• _Exercise description_
Without the pictures, give the records again exactly as they appear.

• _Given records_
------------------------------------------------------------

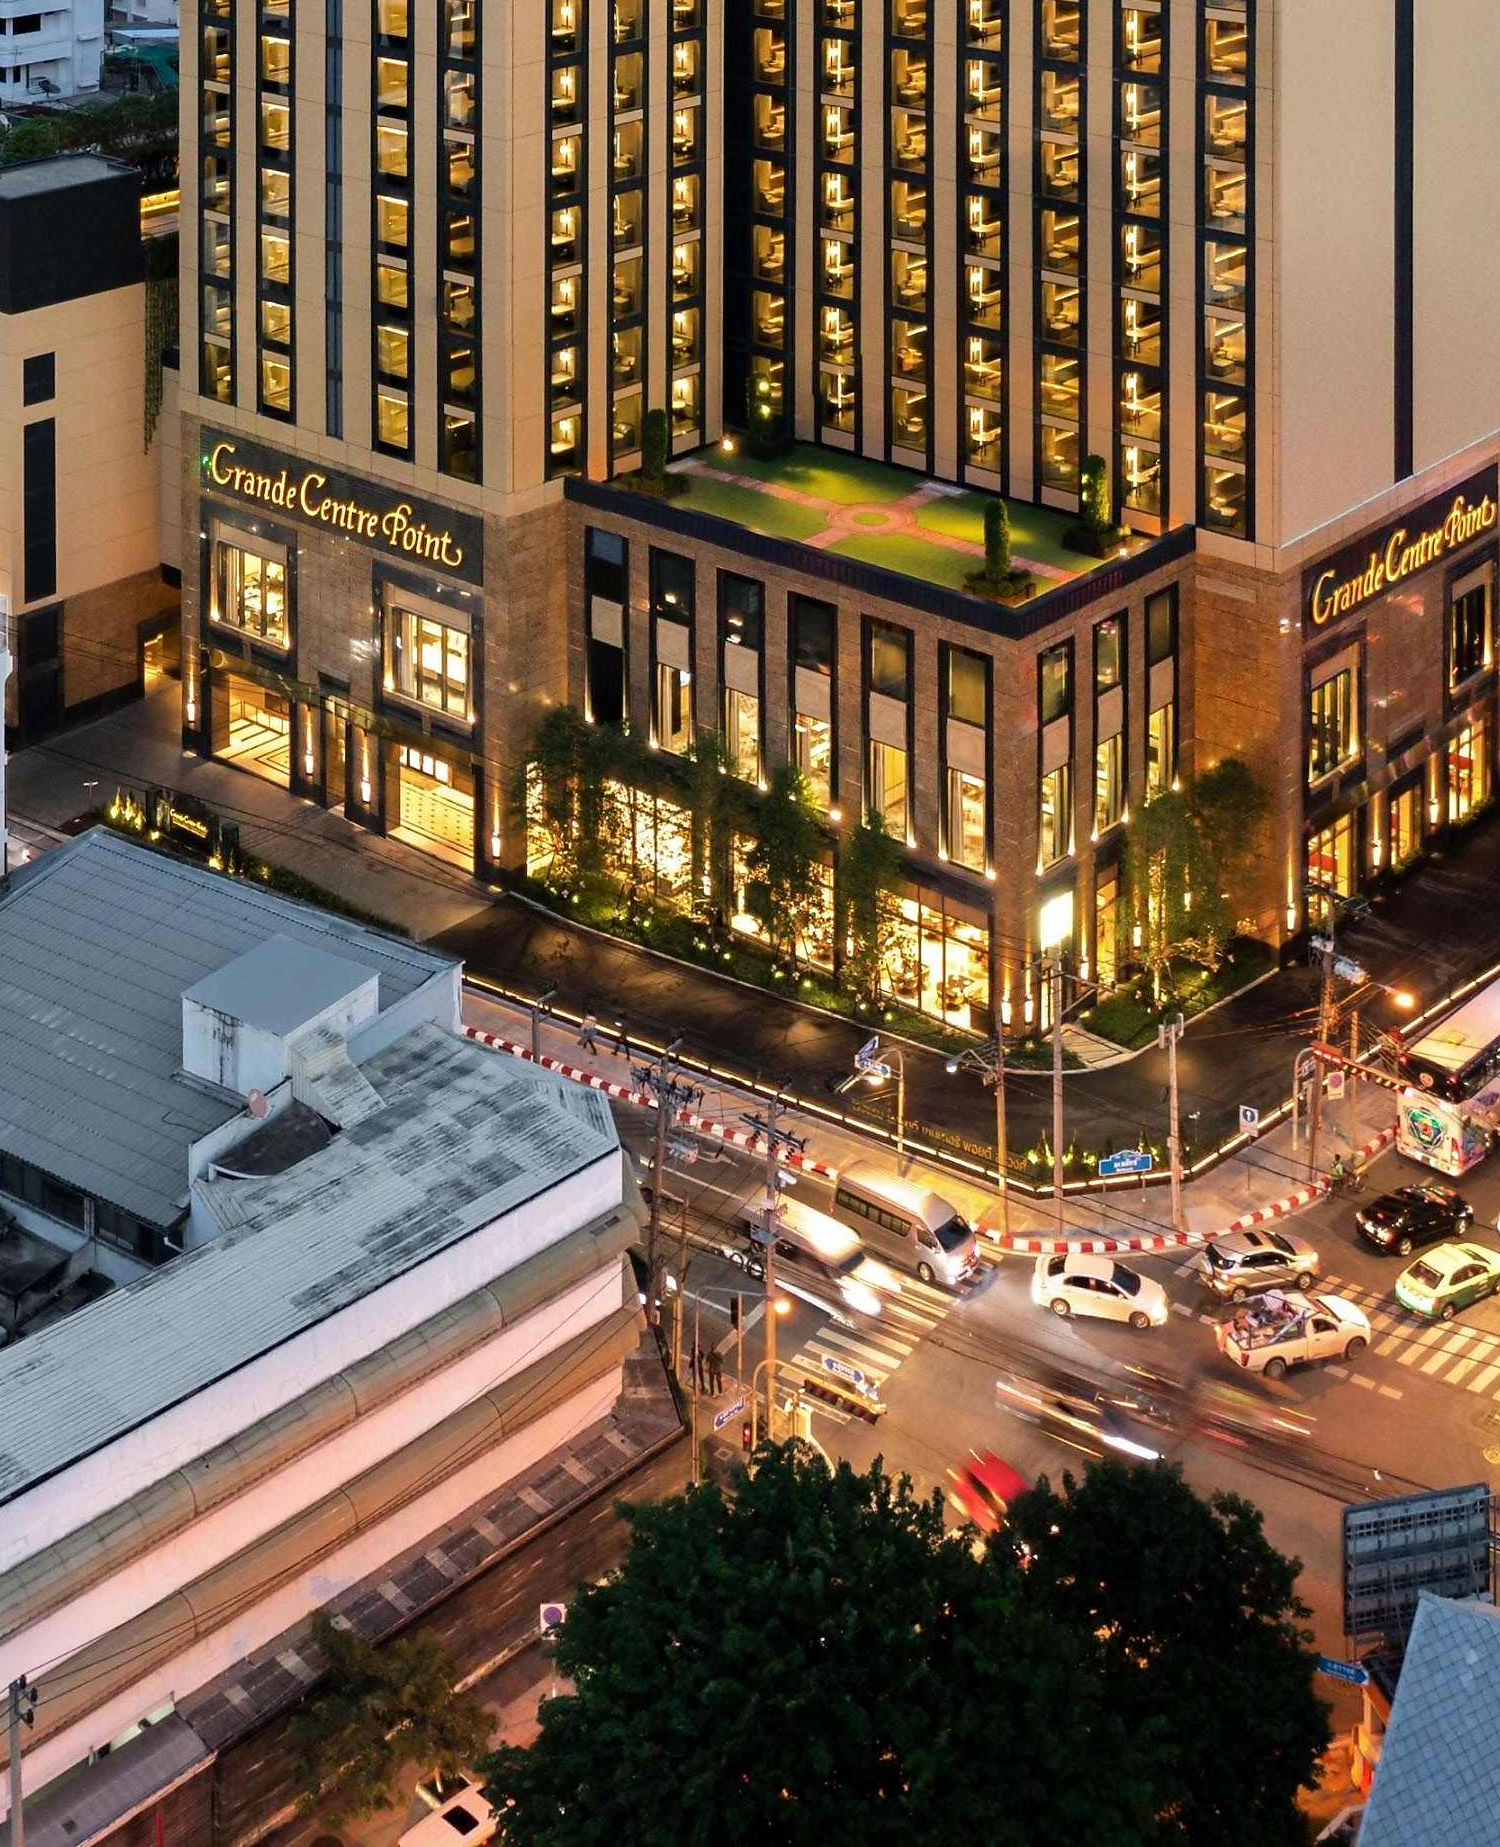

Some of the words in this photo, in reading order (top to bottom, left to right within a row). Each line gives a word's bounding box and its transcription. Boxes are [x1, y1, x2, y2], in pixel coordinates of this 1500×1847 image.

[211, 443, 298, 509] Grande
[300, 474, 379, 537] Centre
[382, 504, 463, 567] Point
[1312, 553, 1384, 624] Grande
[1385, 528, 1443, 582] Centre
[1445, 494, 1497, 548] Point

------------------------------------------------------------

• _Result for this exercise_
Some of the words in this photo, in reading order (top to bottom, left to right within a row). Each line gives a word's bounding box and its transcription. Boxes are [x1, y1, x2, y2], in pixel coordinates of this 1500×1847 image.

[211, 443, 298, 509] Grande
[300, 474, 379, 537] Centre
[382, 504, 463, 567] Point
[1312, 553, 1384, 624] Grande
[1385, 528, 1443, 582] Centre
[1445, 494, 1497, 548] Point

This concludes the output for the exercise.